The argument Daniels keeps hammering home like an overzealous prosecutor—namely that Holiday was an early casualty of the United State’s failed war on drugs—is convincing, even important. But he harps on it so relentlessly, returning to it again and again to the point that he squeezes the life from the margins of the film.

Major characters drift in and out. Rather than fully materialize, relationships become footnotes and trivia question answers.


THE UNITED STATES VS. BILLIE HOLIDAY ★★1/2
(2.5/4 stars)
Directed by: Lee Daniels
Written by: Suzan-Lori Parks (screenplay); Johann Hari (book)
Starring: Andra Day, Trevante Rhodes, Garrett Hedlund, Rob Morgan, Da'Vine Joy Randolph, Miss Lawrence, Tyler James Williams and Natasha Lyonne
Running time: 130 mins.


If you had not known going in that one of Holiday’s greatest artistic partnerships was with the cool-toned tenor saxophonist Lester Young (played by Everybody Hates Chris star Tyler James Williams in the ultimate “do-you-feel-old-yet” bit of casting), you’d never guess it from what is on display here. The great actor Rob Morgan is criminally underused, showing up late to the party as the abusive mob enforcer Louis McKay, whom Holiday married in 1957. Played by Natasha Lyonne, Holiday’s rumored lover Tallulah Bankhead shows up for a few puffs of a cigarette and some wafts of indignation, but you get no sense of their relationship and what sustained it.

Even Holiday’s storied pitbull Mister gets barely an ear scratch.

Instead, the central connection that Holiday makes in the film centers more on Daniels’ argument than on the singer’s actual life. It is with Jimmy Fletcher, an increasingly conflicted federal agent sent by his dastardly bosses to bust the heroin-addicted Holiday.
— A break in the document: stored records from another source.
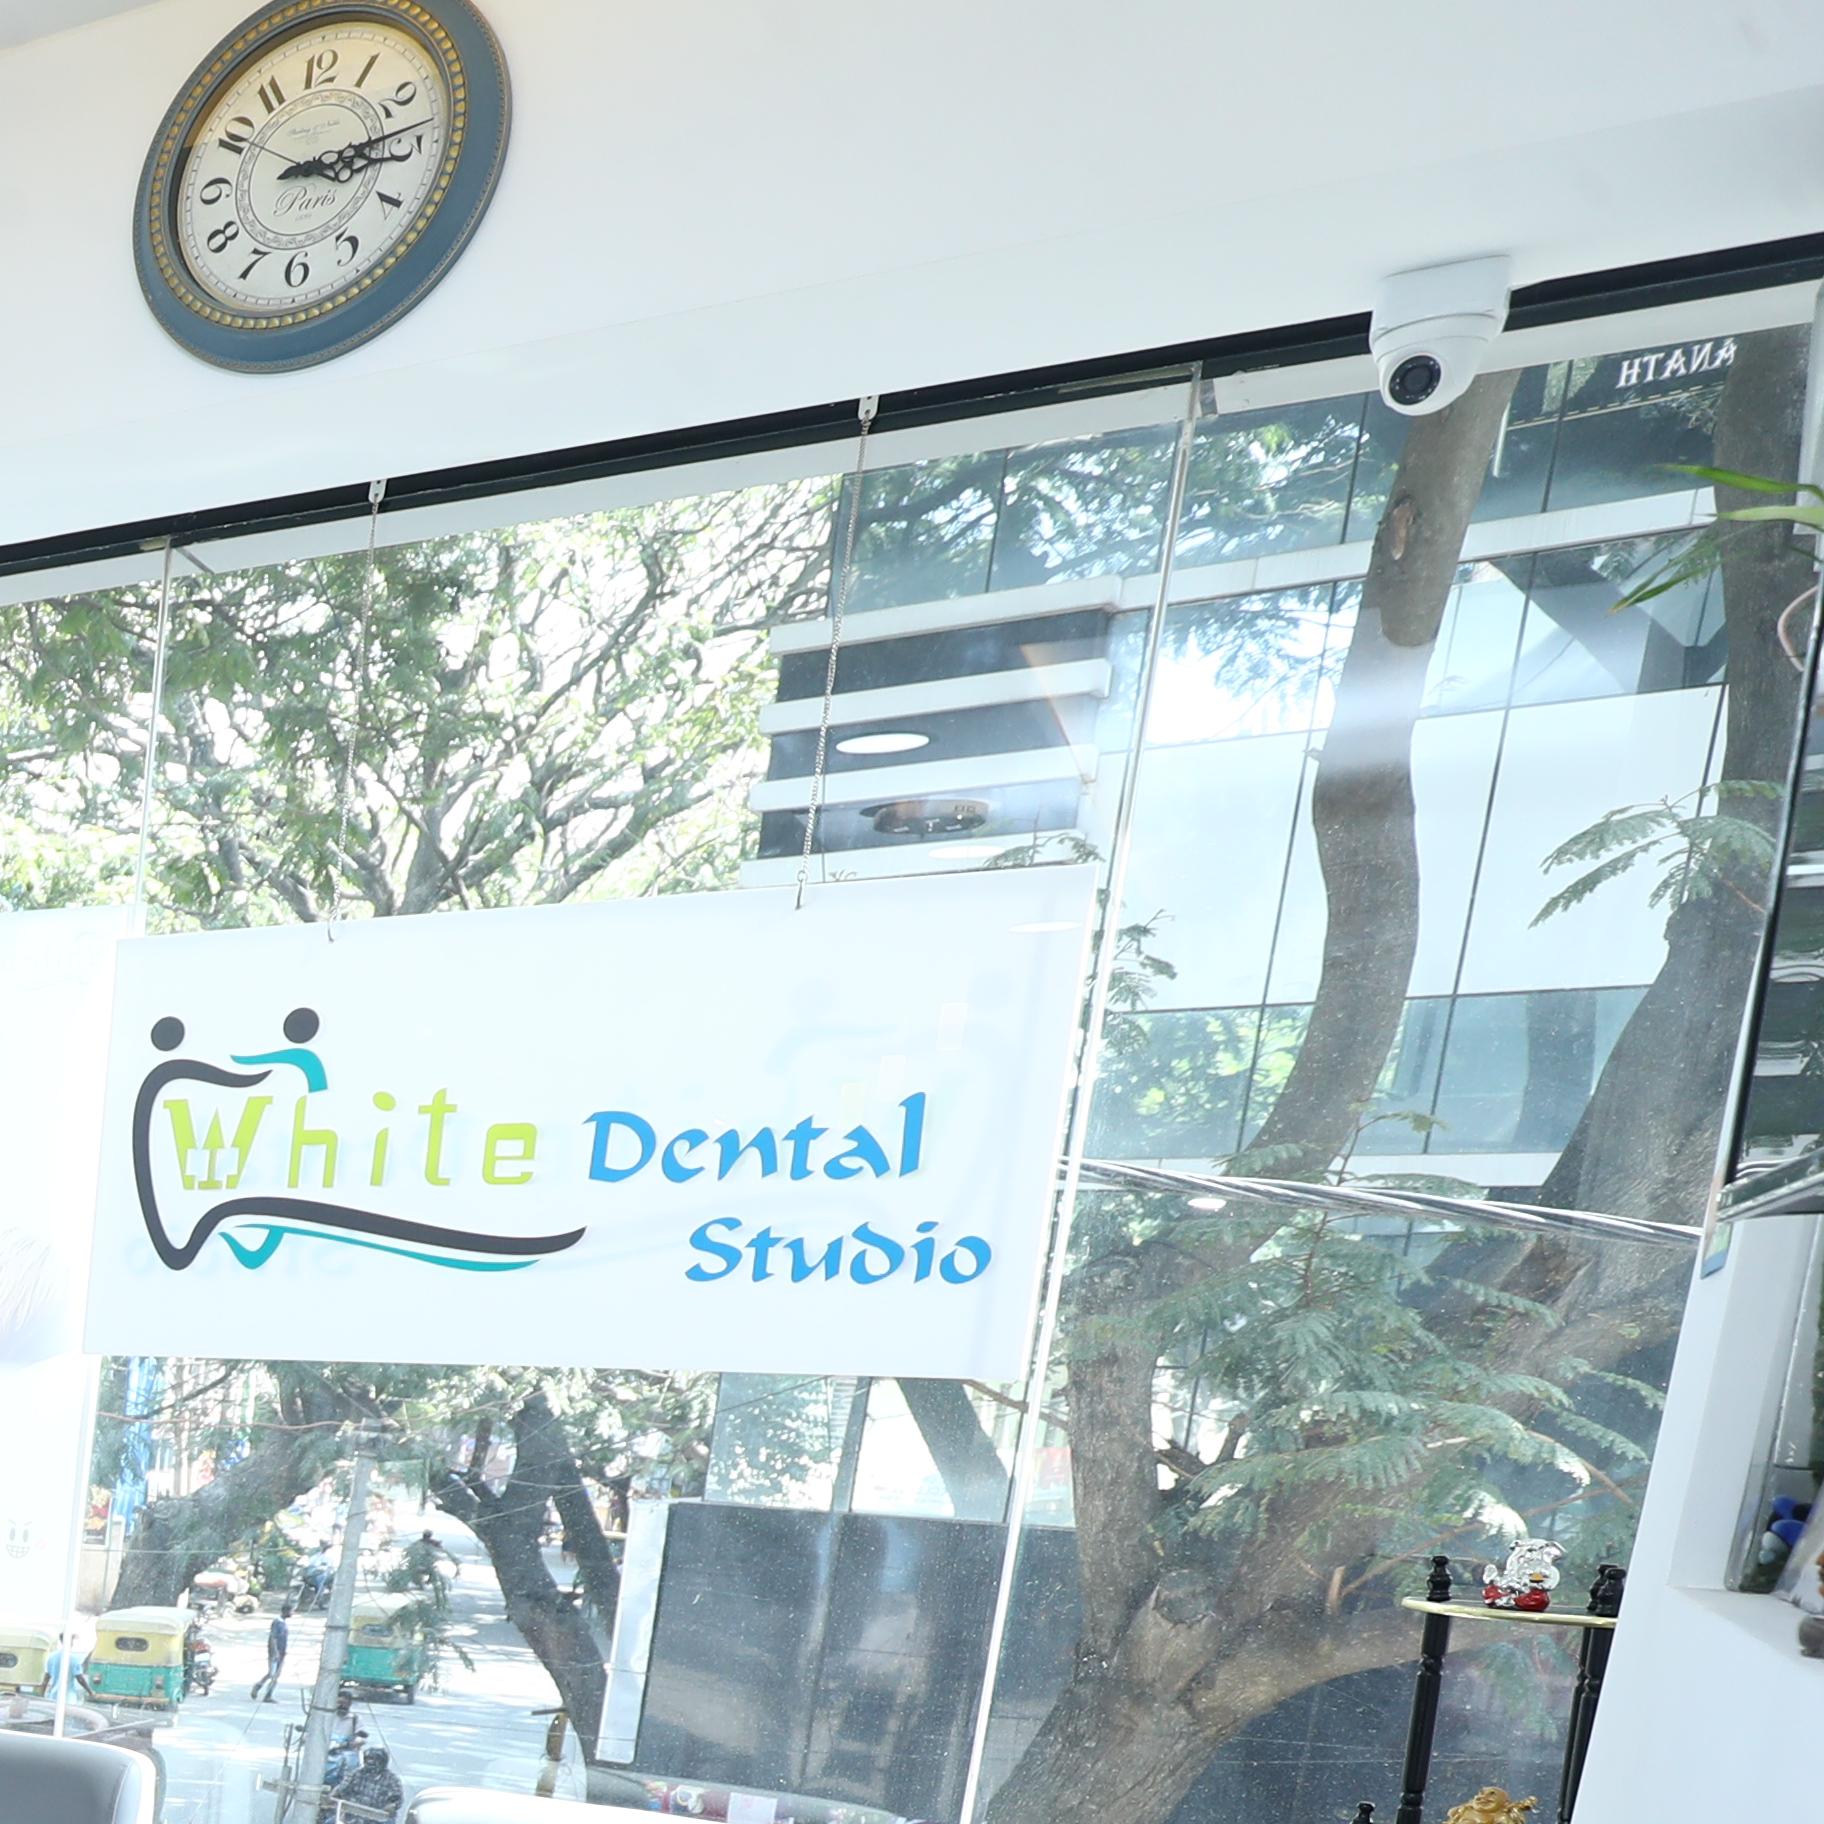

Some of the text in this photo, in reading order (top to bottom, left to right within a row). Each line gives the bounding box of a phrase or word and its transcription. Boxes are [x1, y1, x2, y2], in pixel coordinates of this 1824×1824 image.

[303, 49, 339, 90] 12
[354, 52, 380, 89] 1
[257, 75, 286, 114] 11
[379, 81, 416, 119] 2
[218, 116, 255, 155] 10
[200, 177, 232, 205] 9
[273, 185, 337, 216] Paris
[376, 191, 403, 220] 4
[207, 221, 239, 253] 8
[335, 227, 359, 267] 5
[238, 248, 272, 280] 7
[284, 251, 310, 288] 6
[163, 1088, 927, 1190] White Dental
[685, 1217, 992, 1284] Studio
Played by Trevante Rhodes, even he disappears for a large swath of the film.

As he proved in the final third of Moonlight, few actors on screen can stare at another character with as much smolder as Rhodes; but while he brings some badly needed heat to the proceedings, this plot point sheds little light on our understanding of Holiday.

Frustrating as all of this might be, almost none of it matters: Andra Day is just that good. You feel the late genius through the way Day carries her body, so lissome yet creaking with the weight of both her talent and addiction. The “Rise Up” singer not only matches our imagination’s version of Holiday, but somehow beats it: she seems so present yet ethereally sozzled in a manner that suggests she may be operating on another plane.
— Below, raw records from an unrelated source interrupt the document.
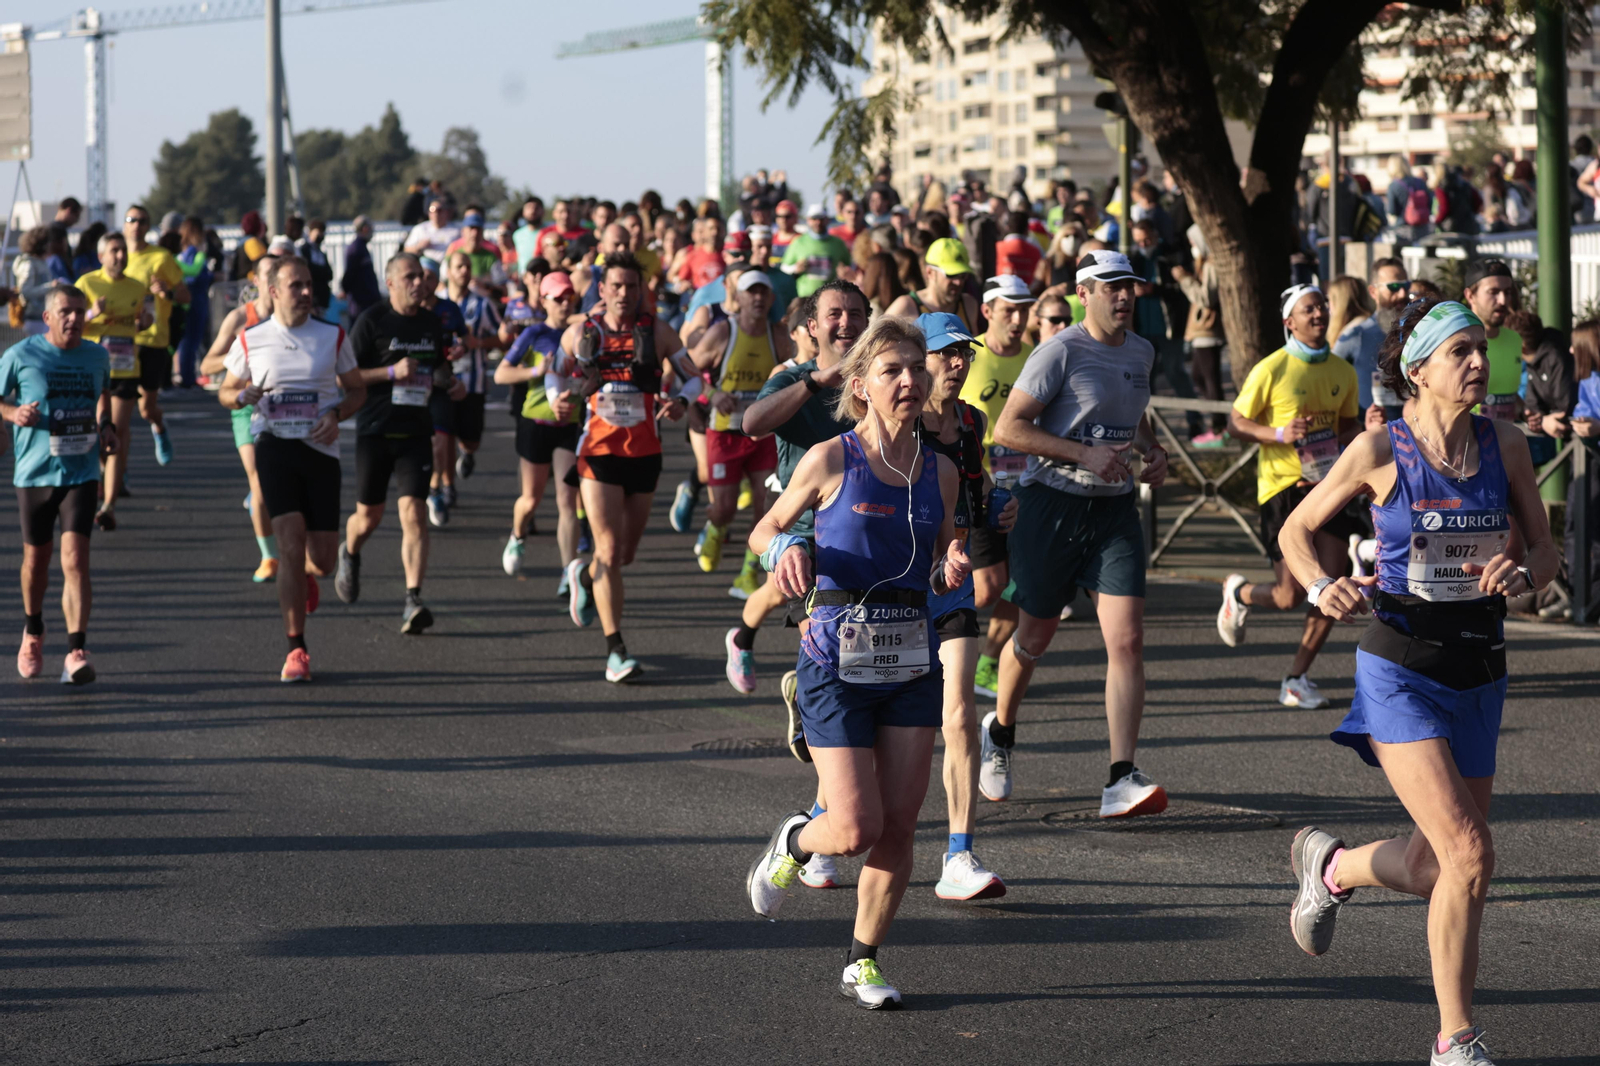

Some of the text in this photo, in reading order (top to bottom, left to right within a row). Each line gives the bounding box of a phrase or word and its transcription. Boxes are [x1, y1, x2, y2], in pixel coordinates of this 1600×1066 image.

[66, 410, 91, 418] ZURICH
[1308, 430, 1334, 442] ZURICH
[858, 502, 897, 515] SCAB
[1419, 499, 1463, 509] SCAB
[1446, 515, 1500, 528] ZURICH
[1445, 544, 1478, 558] 9072
[871, 607, 919, 619] ZURICH
[872, 633, 902, 647] 9115
[873, 654, 899, 664] FRED
And my goodness, the songs.

“Strange Fruit” and Holiday’s insistence on performing Abel Meeropol’s anti-lynching anthem despite the increasingly draconian demands of both the U.S. government and her handlers is a central focus of the film’s story. While Day sings it wonderfully, equally moving are her “Lover Man (Oh, Where Can You Be),” “Ain’t Nobody’s Business If I Do” and especially “All of Me.”

There are times when you wish The United States vs. Billie Holiday were a musical revue and not a drama. (I was crossing my fingers for “Body and Soul” but, alas, no dice.) Then again, that may have robbed us of those harrowing moments when Day bores into Holiday’s pain and vulnerability, which are every bit as moving and memorable as when she takes the stage at Cafe Society.
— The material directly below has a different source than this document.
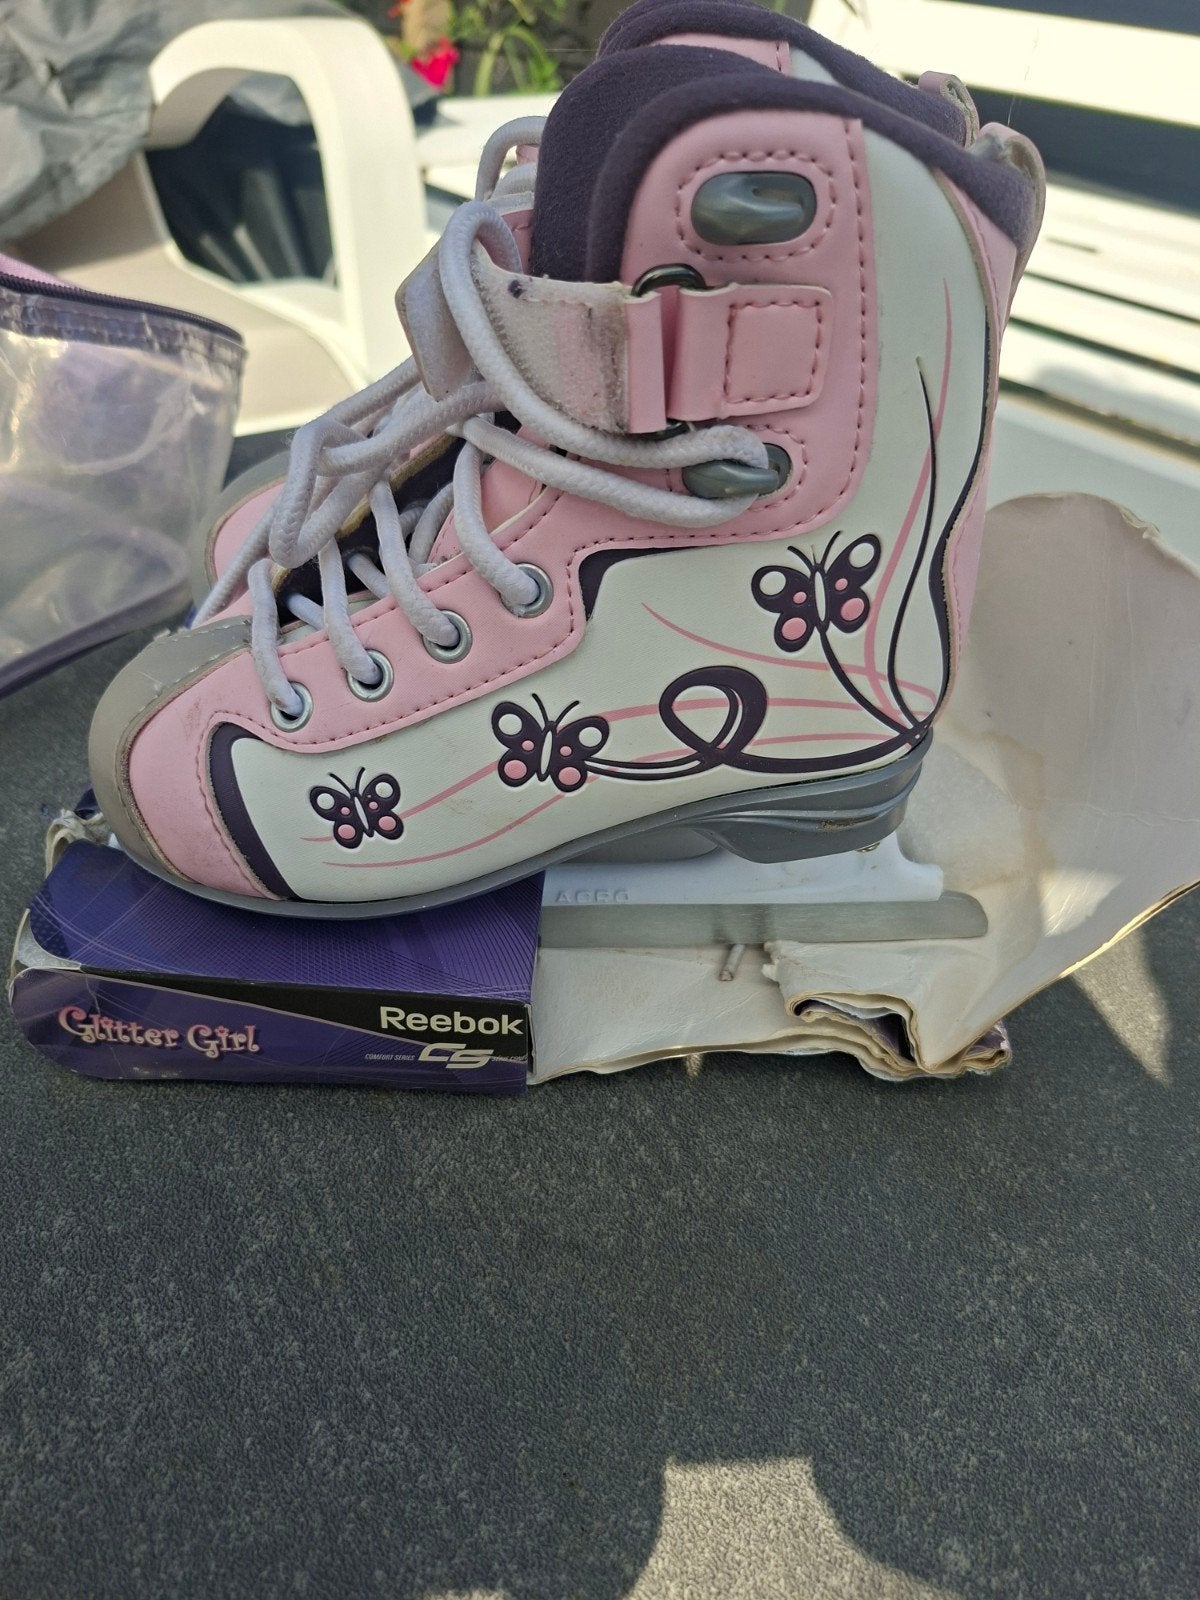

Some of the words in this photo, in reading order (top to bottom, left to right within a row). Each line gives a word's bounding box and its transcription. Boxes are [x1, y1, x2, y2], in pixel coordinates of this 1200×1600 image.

[58, 1005, 180, 1048] Glitter
[187, 1024, 260, 1058] Girl
[379, 1005, 525, 1036] Reebok
[364, 1053, 394, 1061] COMFORT
In The Devil Finds Work, a book-length rumination on a lifetime watching movies, James Baldwin wrote that Lady Sings the Blues, the 1972 Holiday biopic starring Diana Ross, was “related to the Black American experience in about the same way, and to the same extent, that Princess Grace Kelly is related to the Irish potato famine: by courtesy.”

If anything, Daniels errs in the opposite direction. By focusing so much on the feds and the heroin, it feels like the equivalent of making a Grace Kelly biopic and focusing entirely on cars and speed limits.

Fortunately, he has his lead actor, and her full-bodied yet delicate performance that never lets you forget where the soul of the film lies, even when her director’s agenda is elsewhere.

For that, we thank you, Lady Day—both of you.


The United States vs. Billie Holiday streams on Hulu February 26.

Observer Reviews are regular assessments of new and noteworthy cinema.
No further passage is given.